ODDLY ORGANIZED NETWORKS OF THE SOUTHERN OZARK DOME: IDENTIFYING AND UNDERSTANDING STRUCTURALLY CONTROLLED ANOMALIES IN DRAINAGE NETWORKS

Since the advent of topographic data, geologists have noted portions of drainage networks where valleys appear unusually linear or where multiple valleys align. These ‘drainage network lineaments’ are often taken to reflect geologic structure (e.g., faults or fracture networks), either through extension of outcroppings of those structures, or through expectations of erosion through damaged rock. However, a growing body of work has also come to understand planview drainage network patterns as emergent and self-organized through studies generally focused in homogenous lithologies. Here we explore two questions; what competition exists between self-organizing tendencies of landscapes and the influence of structurally controlled planes of weakness and how might we objectively identify anomalies in drainage networks? Non-dimensional landscape evolution models demonstrate how network self-organization the can impede the formation of network lineaments.
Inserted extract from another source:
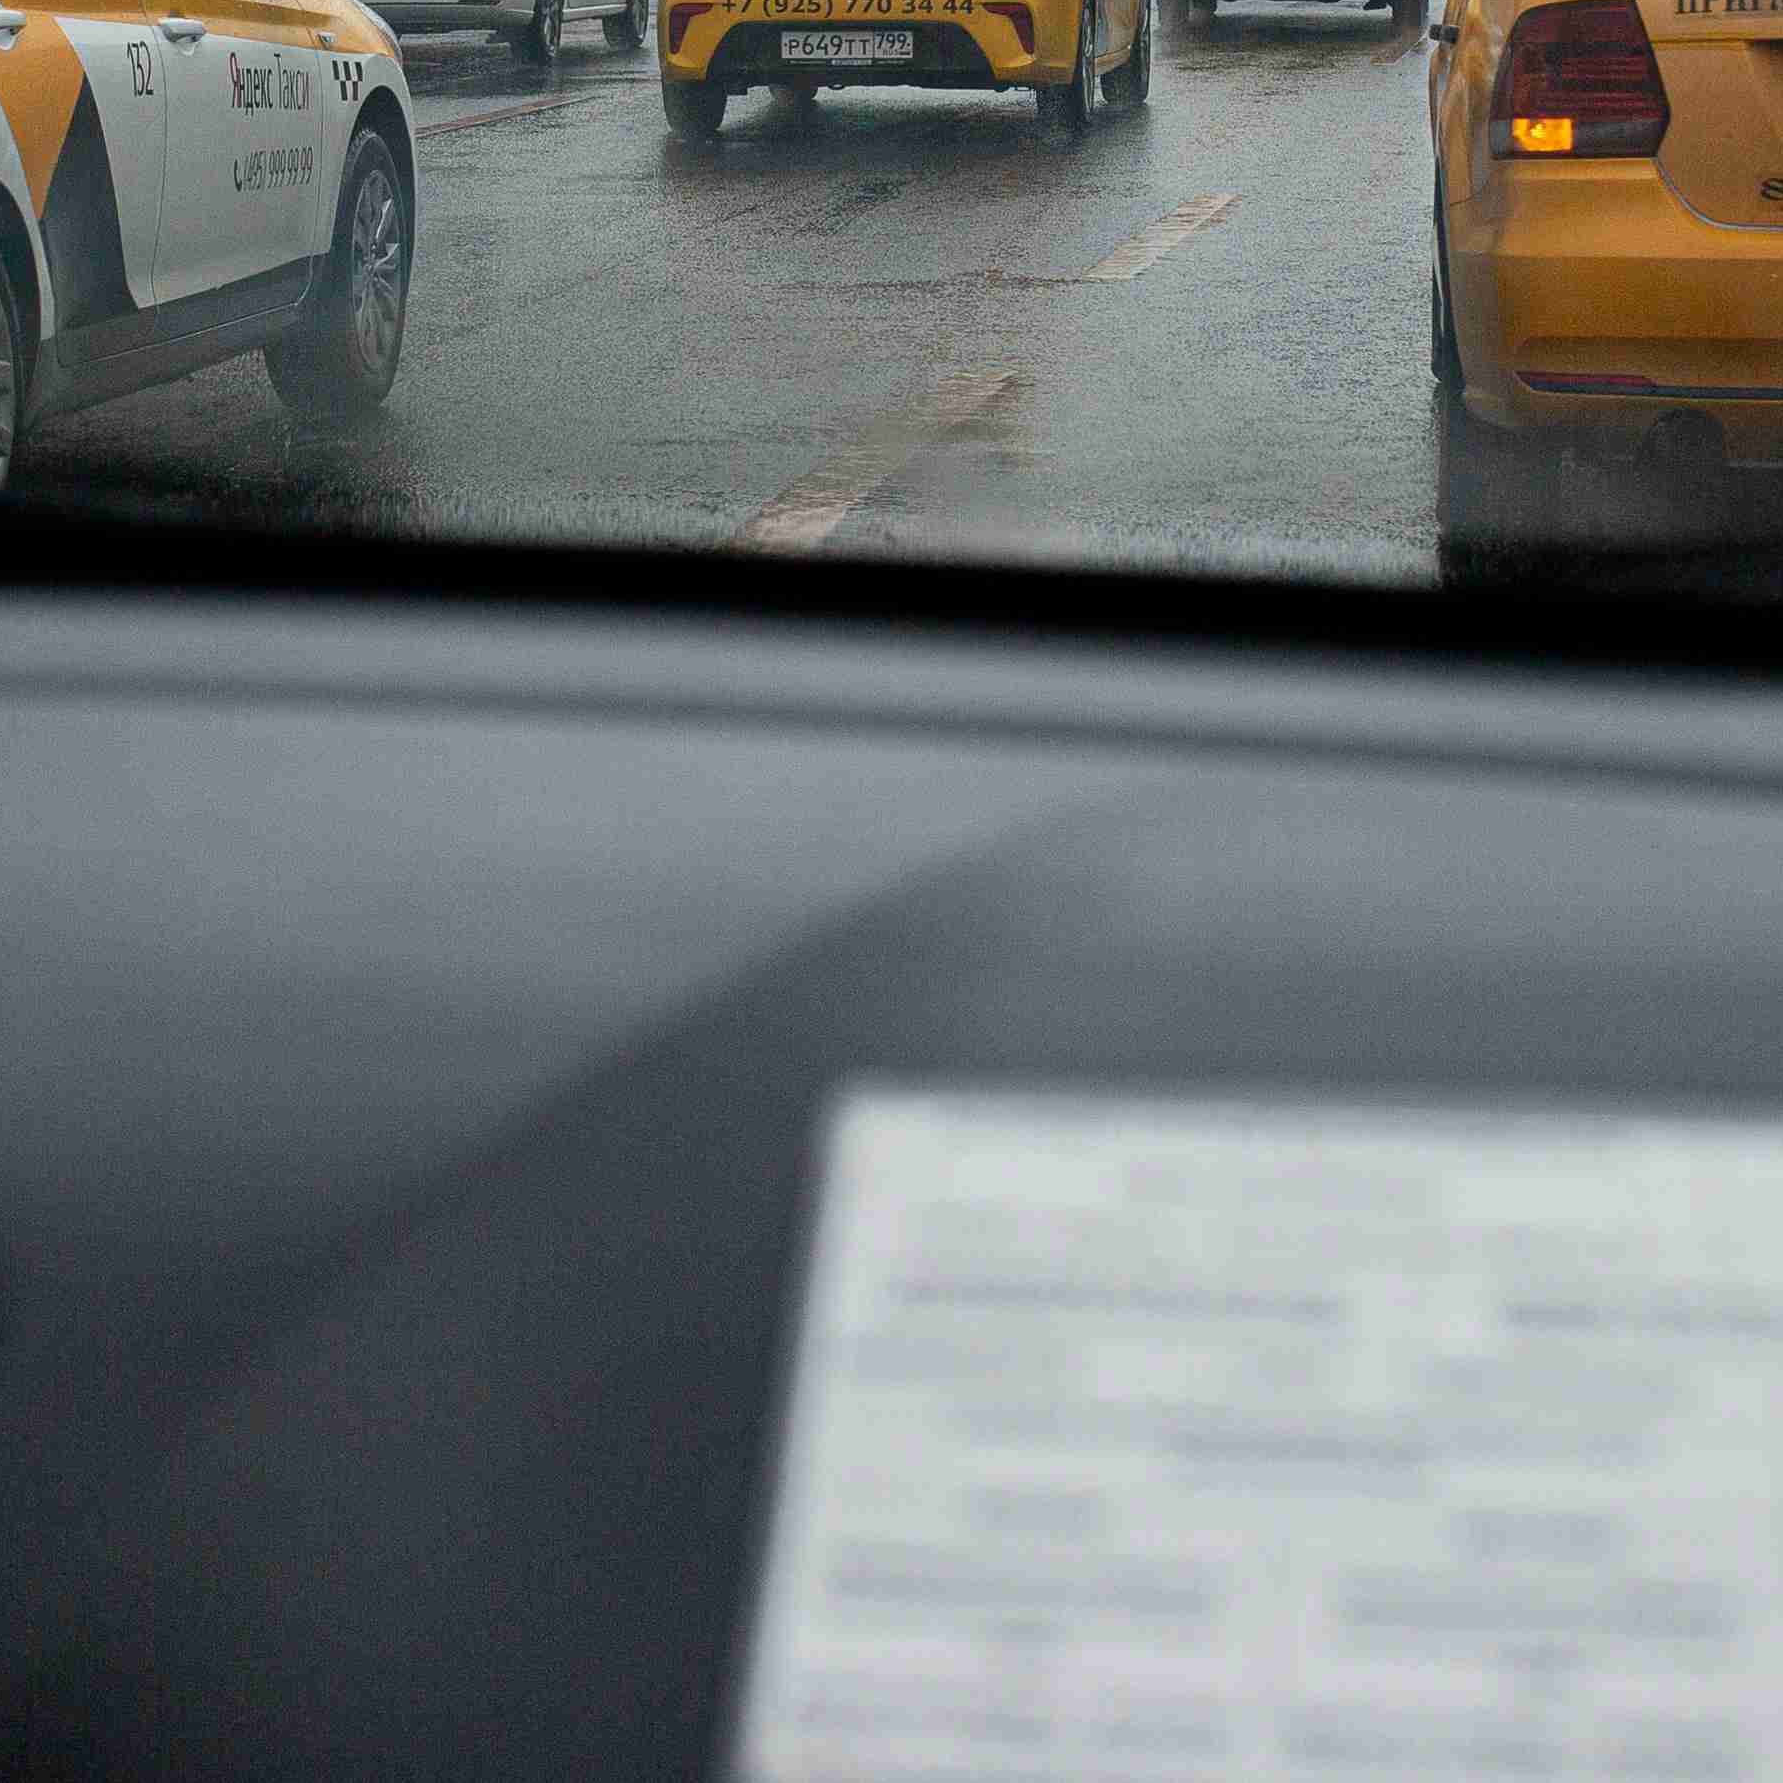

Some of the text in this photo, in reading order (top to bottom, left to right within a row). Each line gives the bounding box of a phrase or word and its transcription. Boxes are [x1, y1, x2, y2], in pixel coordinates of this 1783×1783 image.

[127, 41, 154, 97] 132
[788, 33, 908, 56] Р649ТТ 799
[230, 52, 311, 117] Яндекс Такси
We then use a study area in mostly horizontal Paleozoic strata in tectonically inactive northern Arkansas to provide natural examples of drainage network lineaments across a gradient in drainage density and local relief. We use a series of natural examples of drainage networks showing structural controls of anomalies to highlight challenges with the existing approaches to identify these features. We propose three alternative approaches to quantifying anomalies; 1) spectral analysis to identify characteristic valley orientations, 2) normalizing observations of drainage directions, and 3) programmatically identifying co-linearity of networks, which we showcase in an investigation of the southern Ozark Dome.